A Change is Gonna Come
Change. I am a person that resent changes and the irony is, I’m one person whom seems can’t stick to one thing for long. I’m a self-proclaimed ADD (attention deficit disorder person) But I know, life is like a river that never stops flowing. We adapt to changes, adapt it well and fast or we will be lost. Swept by the current and ended up drowning 10 feet under and upside down. And I learned this through the long and not hard, but a painful way.
What about me? When do I get what I want? I’m not sayin’ that but… what about me?
I’m not a spoiled very privileged child that needs to get everything she wants. I’m always the responsible one. I may not be the brightest or eloquent person, but whatever I achieved, I did it with the best I could. And all the years of my trainings and experiences made me independent as one should become…an adult. But I’m still someone that needs, from time to time to be hold by the hands and lead on. I need some kind of emotional security blanket. And the last thing I wished for was losing my identity at the same time being taken for granted, and then being abandoned when I have nothing more to take from. Who to blame? That person or, me for allowing it to happen?
I know nobody will ever understand that extend of my pains. I will never get my justice. I might not even be healed with time to come. And the most hurtful and perhaps the truth is I’m the only one that is suffering and bearing all the consequences. I am beating myself up. I don’t deny it. I am the only one who haven’t let go.
How I wish there is a delete button in my mind?
I need to close that door. And it has to be done in order for me to survive, and be a normal sociable person. But the thing is, I can so much delete that person from my emails, my contacts and my Facebook. But, the memory will always be there and that fear of bumping to her again. Why am I the one that is afraid to see her again when she was the one that hurts me? I don’t know. I know that if I ever see her again, if she ever tries to patch things up, I have a lot of things to say to her and it won’t be nice. But I know I’ll be tongue-tied when that time comes. I can’t.

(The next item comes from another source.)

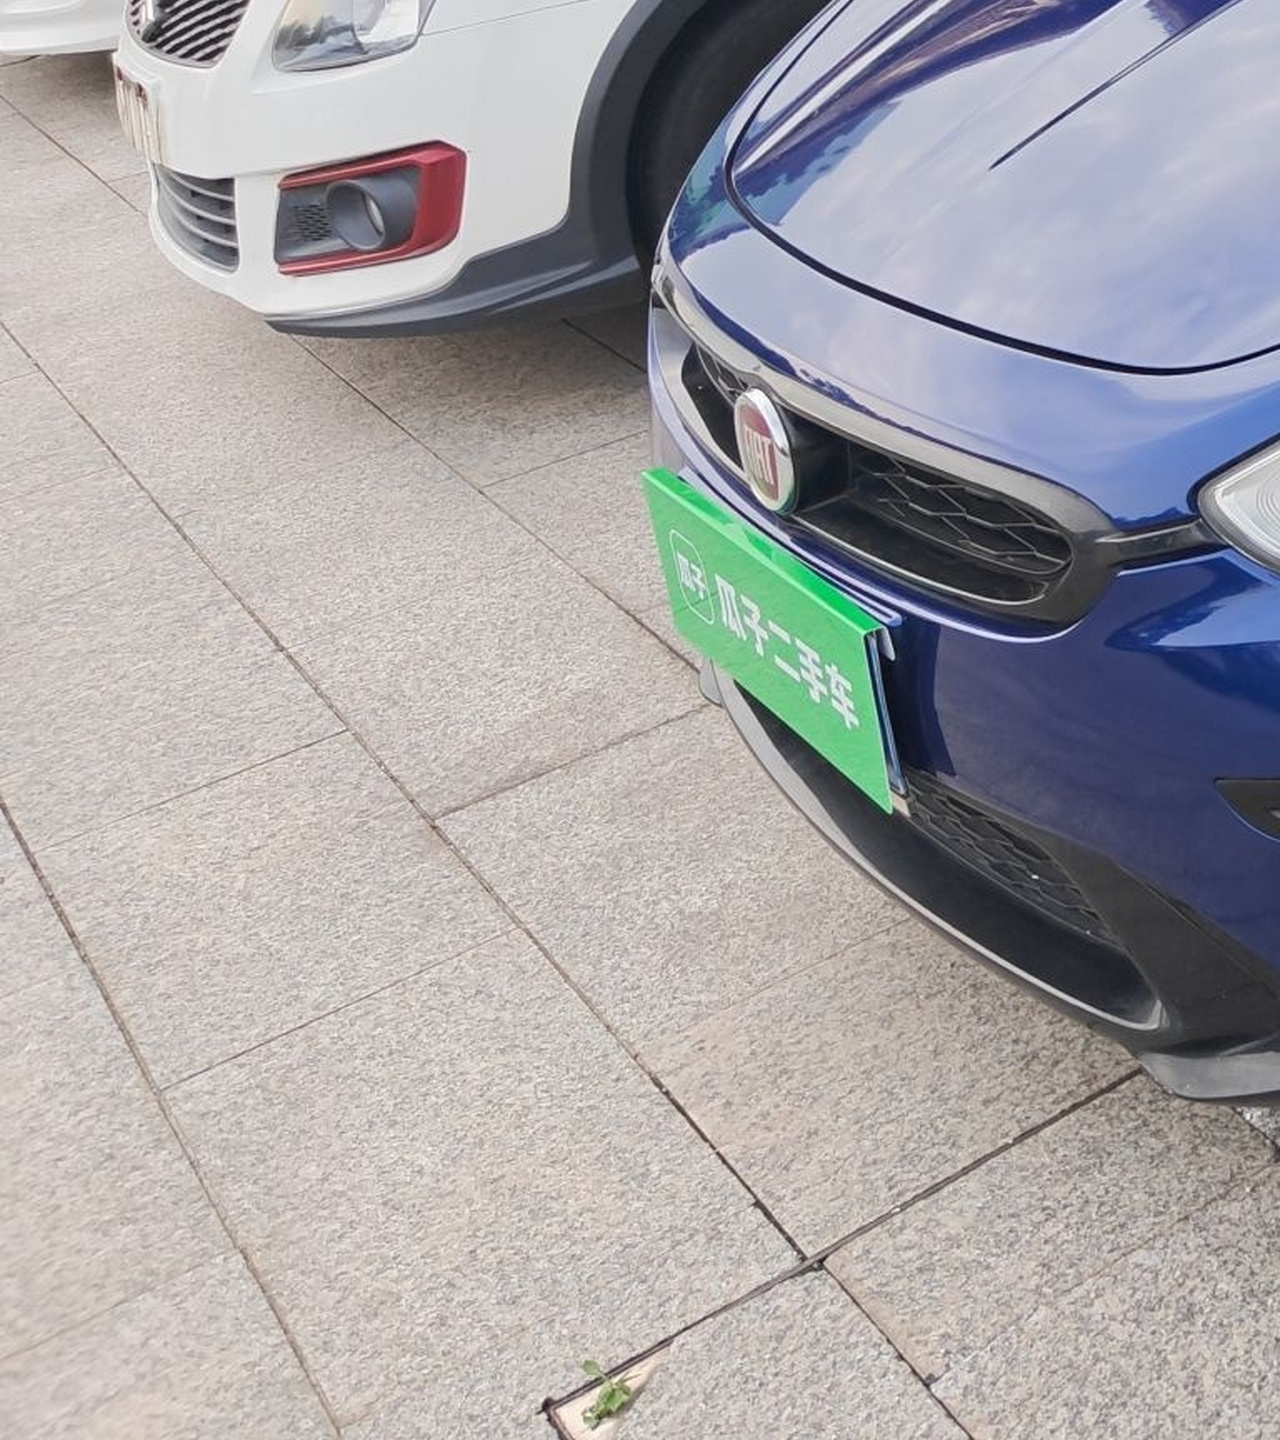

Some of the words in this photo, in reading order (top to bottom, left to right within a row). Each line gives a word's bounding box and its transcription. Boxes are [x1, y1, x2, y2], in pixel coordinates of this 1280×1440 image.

[743, 423, 775, 487] FIAT
[676, 551, 707, 601] 瓜子
[714, 572, 860, 730] 瓜子二手车

I don’t understand fully who I have become, or how I will get through this bad patch of my life. I want this change to happen.

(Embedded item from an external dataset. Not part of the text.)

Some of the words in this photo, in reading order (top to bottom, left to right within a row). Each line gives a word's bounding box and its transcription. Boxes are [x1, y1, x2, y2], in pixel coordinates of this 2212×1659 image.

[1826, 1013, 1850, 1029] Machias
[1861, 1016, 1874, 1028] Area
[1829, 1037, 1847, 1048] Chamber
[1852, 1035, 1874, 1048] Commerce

When I started this blog, I wanted it to be part of my life, to be shared by anyone who is interested. I was always eager to show my friends about it. But it all changed, unknowingly to me at first, which I clammed up after I realized that my best friend couldn’t share her enthusiasm and was so critical about what I post in my blog. I was afraid that if I mention something about my life which kind of related to her, she will be displeased greatly. To me, what’s good is that to share it with the world when you couldn’t share it with your best friend. And that is just the tip of the iceberg of how we became this way.

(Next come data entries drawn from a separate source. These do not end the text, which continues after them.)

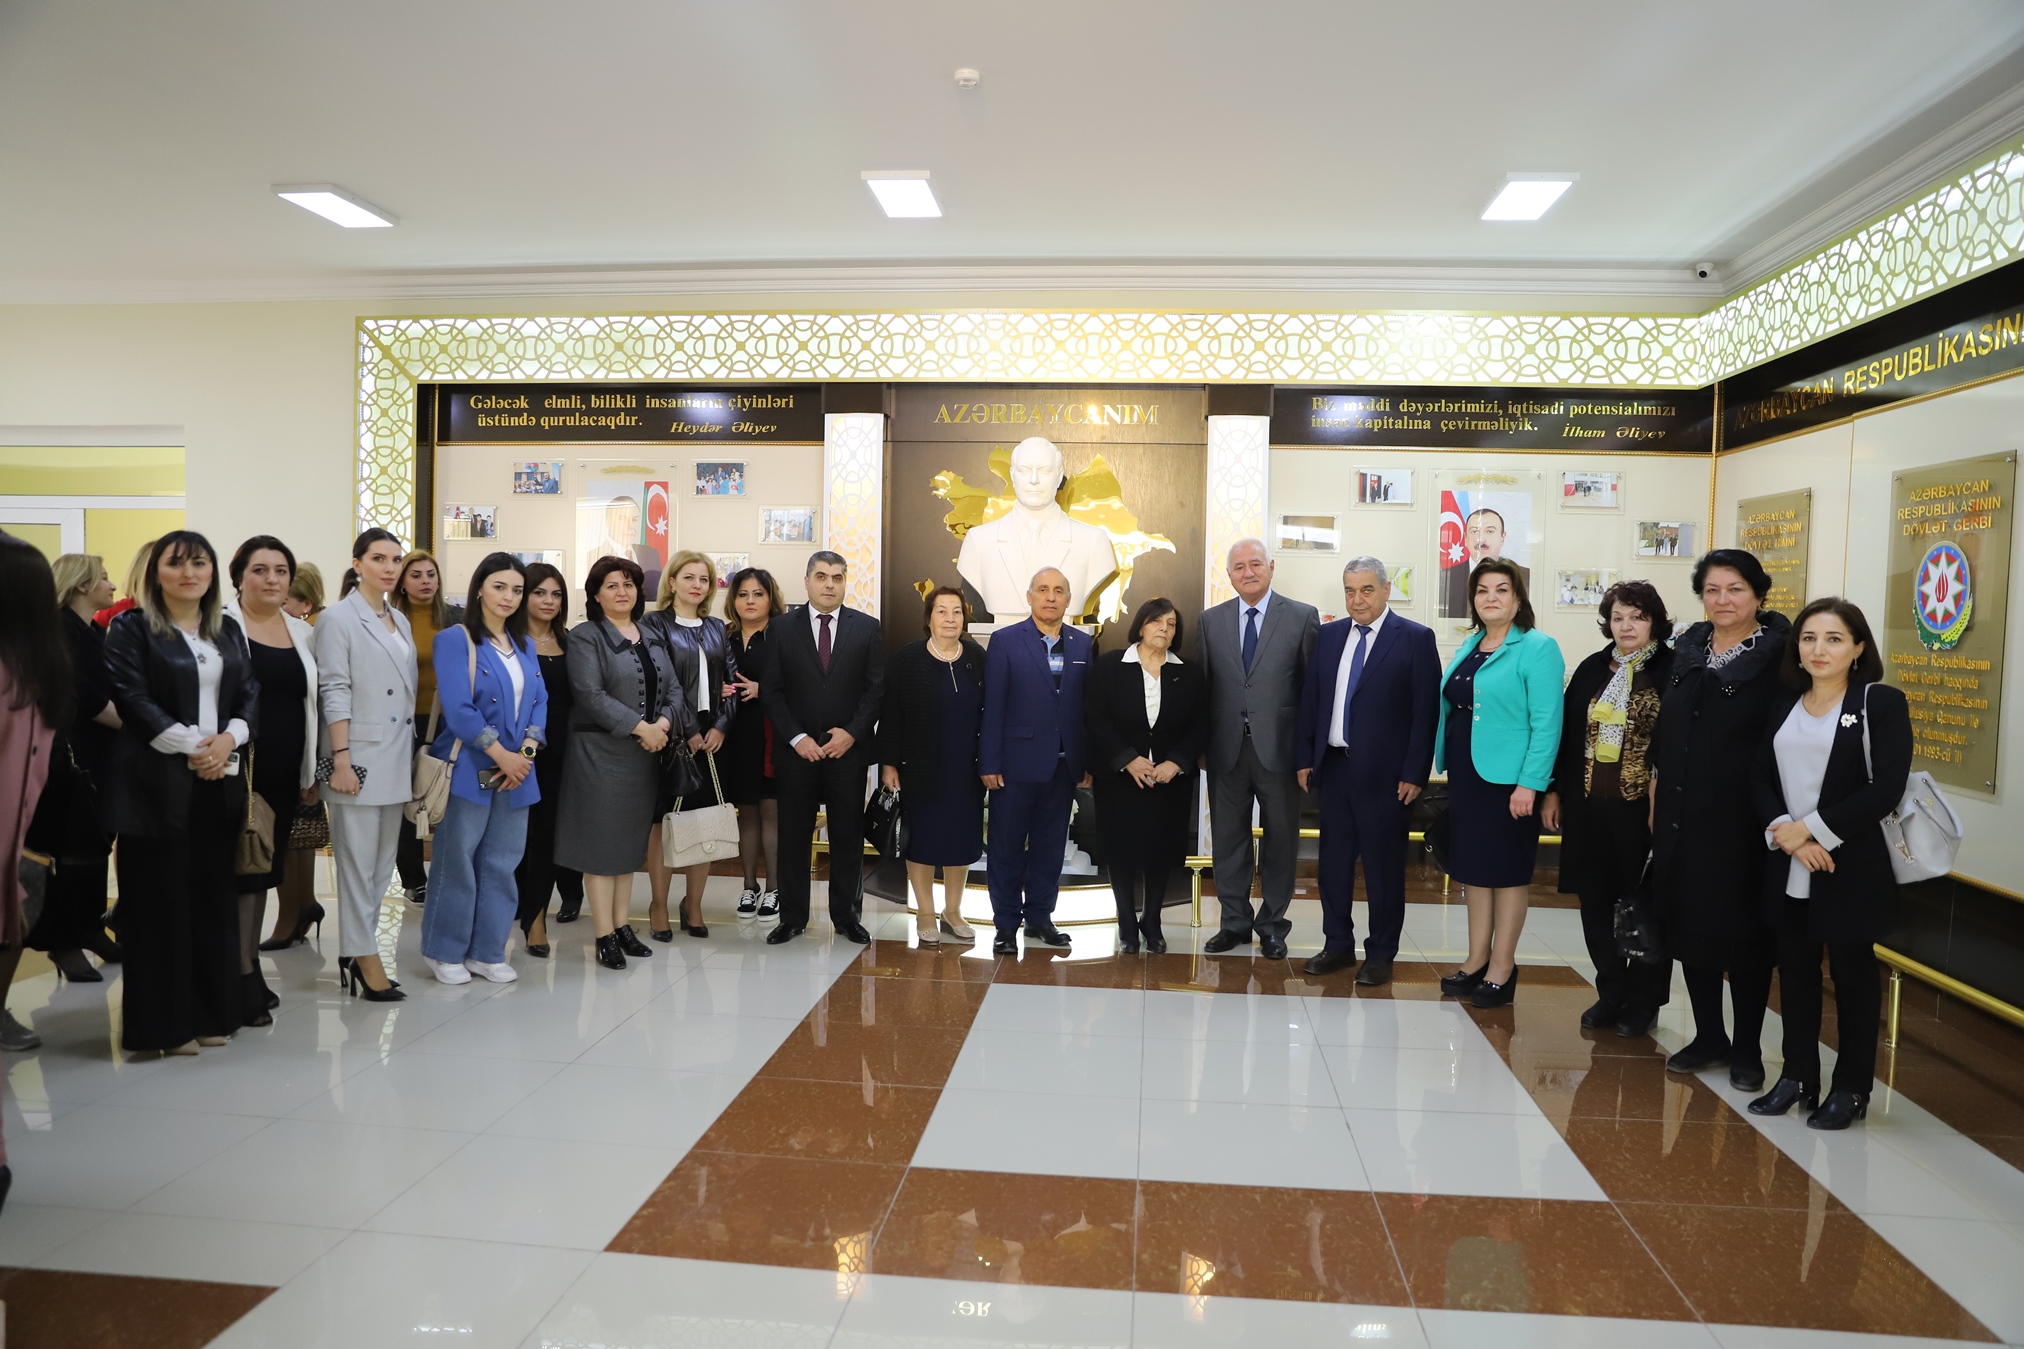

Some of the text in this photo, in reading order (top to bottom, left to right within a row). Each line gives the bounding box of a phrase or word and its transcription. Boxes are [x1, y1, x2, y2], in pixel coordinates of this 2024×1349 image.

[469, 395, 794, 411] Gələcək elmli, bilikli insanların çiyinləri
[1311, 397, 1336, 411] Biz
[1399, 399, 1504, 416] dəyərlərimizi,
[1508, 401, 1564, 418] iqtisadi
[1569, 402, 1676, 420] potensialımızı
[477, 413, 642, 430] üstündə qurulacaqdır.
[934, 403, 1160, 425] AZƏRBAYCANIM
[670, 421, 777, 435] Heydər Əliyev
[1311, 415, 1538, 434] insan kapitalına çevirməliyik.
[1562, 424, 1666, 441] İlham Əliyev
[1910, 478, 1990, 502] AZƏRBAYCAN
[1748, 508, 1795, 523] AZƏRBAYCAN
[1898, 495, 2001, 519] RESPUBLİKASININ
[1904, 513, 1991, 535] DÖVLƏT GERBİ
[1932, 653, 1990, 670] Respublikasının

It’s all gonna change now. This is my life I’m getting back. This time, I am being real here and it isn’t vaguely anymore (ok, I did try to be vague before) I can say that I don’t care if she ever found out what I blogged about, I doubt that she will even remember the existence of this blog. Blogging is part of my life I quite enjoy. I don’t care what anyone think about it – whether I’m just pathetic or crazy or in real need of psyche help.
In this world, don’t ask why someone becomes crazy. Instead, ask why we don’t become crazy.
I’m a melancholic person. I have my bouts of melancholic episodes. I have thoughts that can only be shared in few-folds, few-levels whatever. It will be interesting to see where this thing will lead me to.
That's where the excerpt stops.